▸ WHAT TO DO
Set down every entry exactly as it stands, omitting any picture.

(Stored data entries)

◆ ◆ ◆ ◆ ◆ ◆ ◆

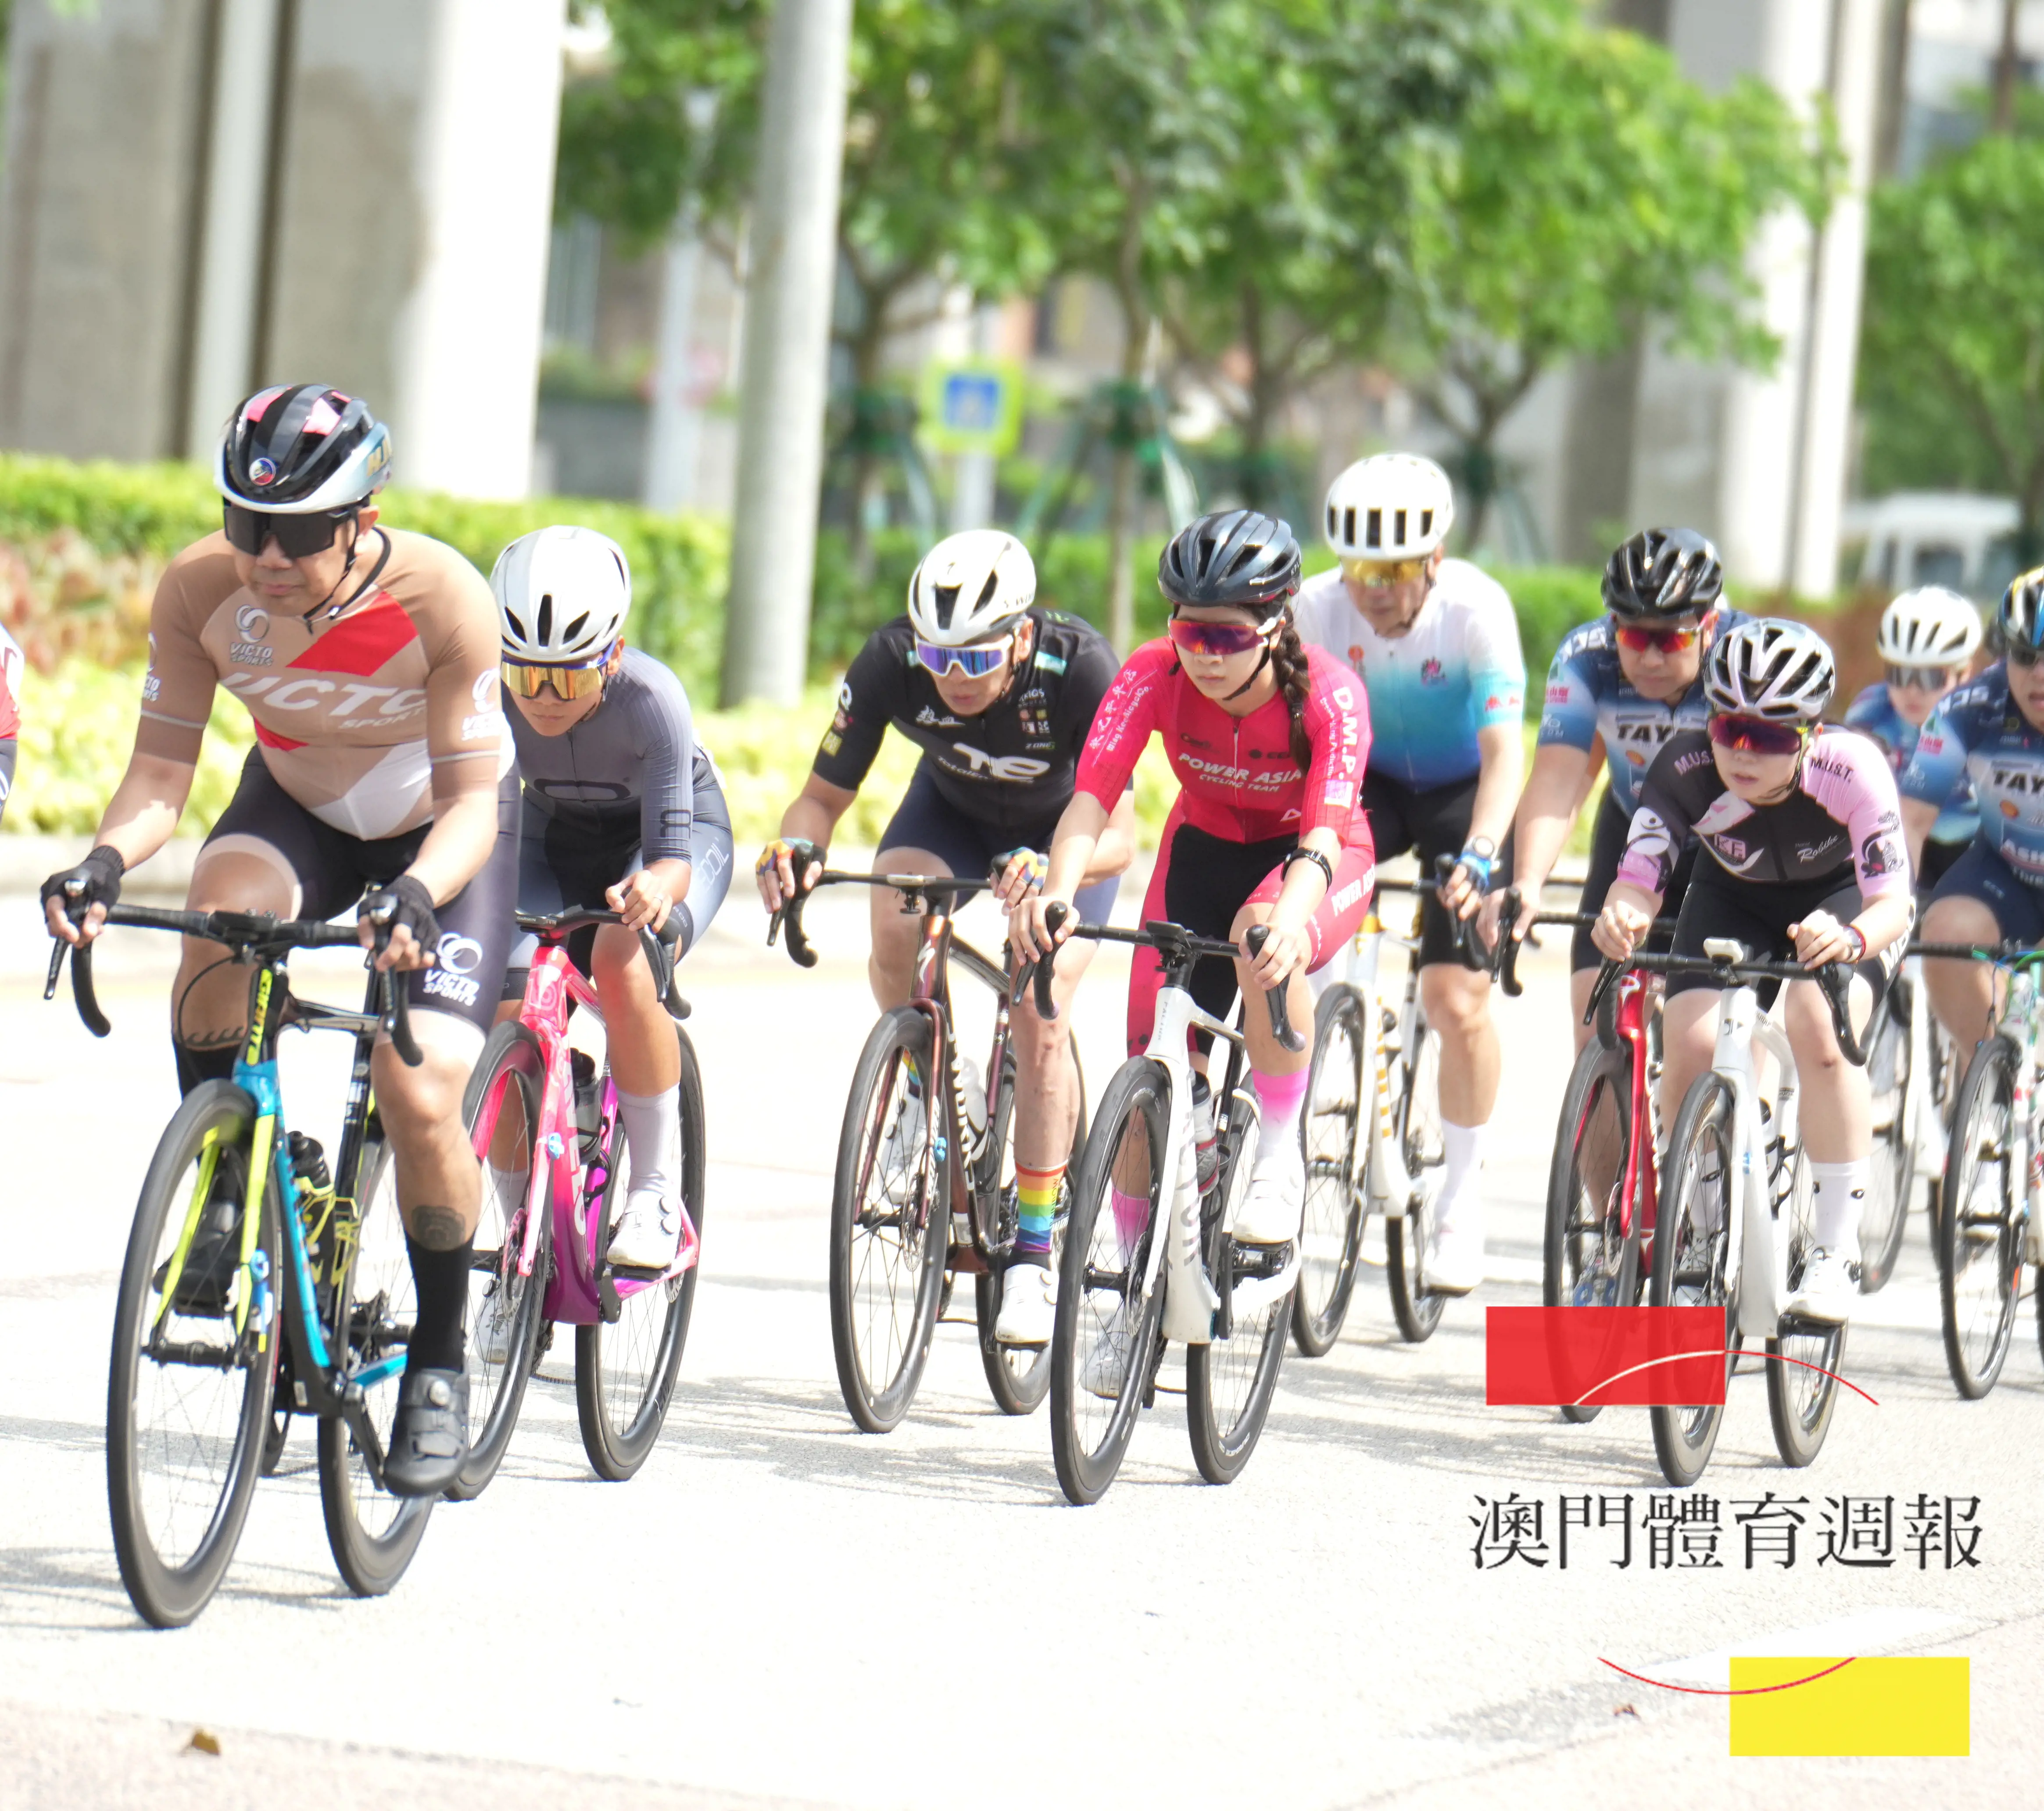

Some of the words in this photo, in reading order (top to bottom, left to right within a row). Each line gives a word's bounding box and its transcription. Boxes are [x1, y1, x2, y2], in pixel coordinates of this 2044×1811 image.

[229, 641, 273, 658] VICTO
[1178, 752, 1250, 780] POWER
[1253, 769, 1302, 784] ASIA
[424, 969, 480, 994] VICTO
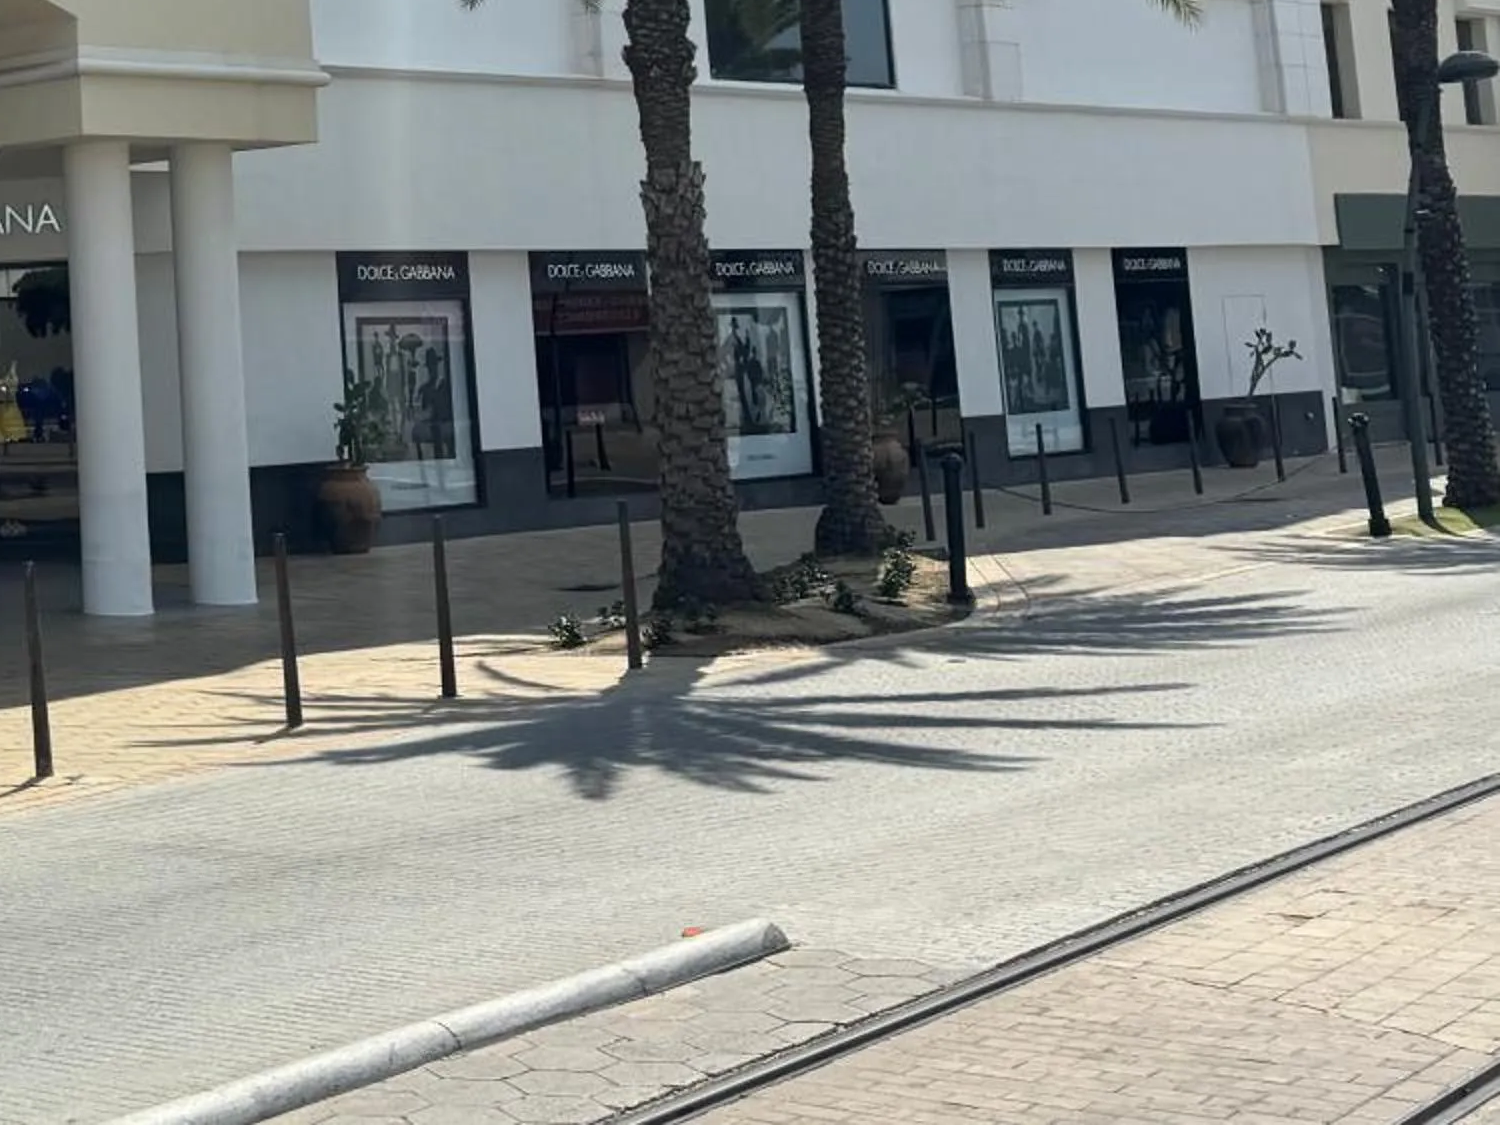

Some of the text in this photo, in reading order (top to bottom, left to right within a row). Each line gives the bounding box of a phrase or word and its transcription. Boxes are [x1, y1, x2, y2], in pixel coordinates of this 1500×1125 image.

◆ ◆ ◆ ◆ ◆ ◆ ◆

▸ TASK RESULT
Some of the words in this photo, in reading order (top to bottom, left to right within a row). Each line gives a word's bounding box and its transcription. Boxes are [x1, y1, x2, y2], in pixel coordinates of this 2044×1811 image.

[229, 641, 273, 658] VICTO
[1178, 752, 1250, 780] POWER
[1253, 769, 1302, 784] ASIA
[424, 969, 480, 994] VICTO

Some of the text in this photo, in reading order (top to bottom, left to right within a row). Each line gives the bounding box of a phrase or word and its transcription. Boxes are [x1, y1, x2, y2], in pixel coordinates of this 1500×1125 image.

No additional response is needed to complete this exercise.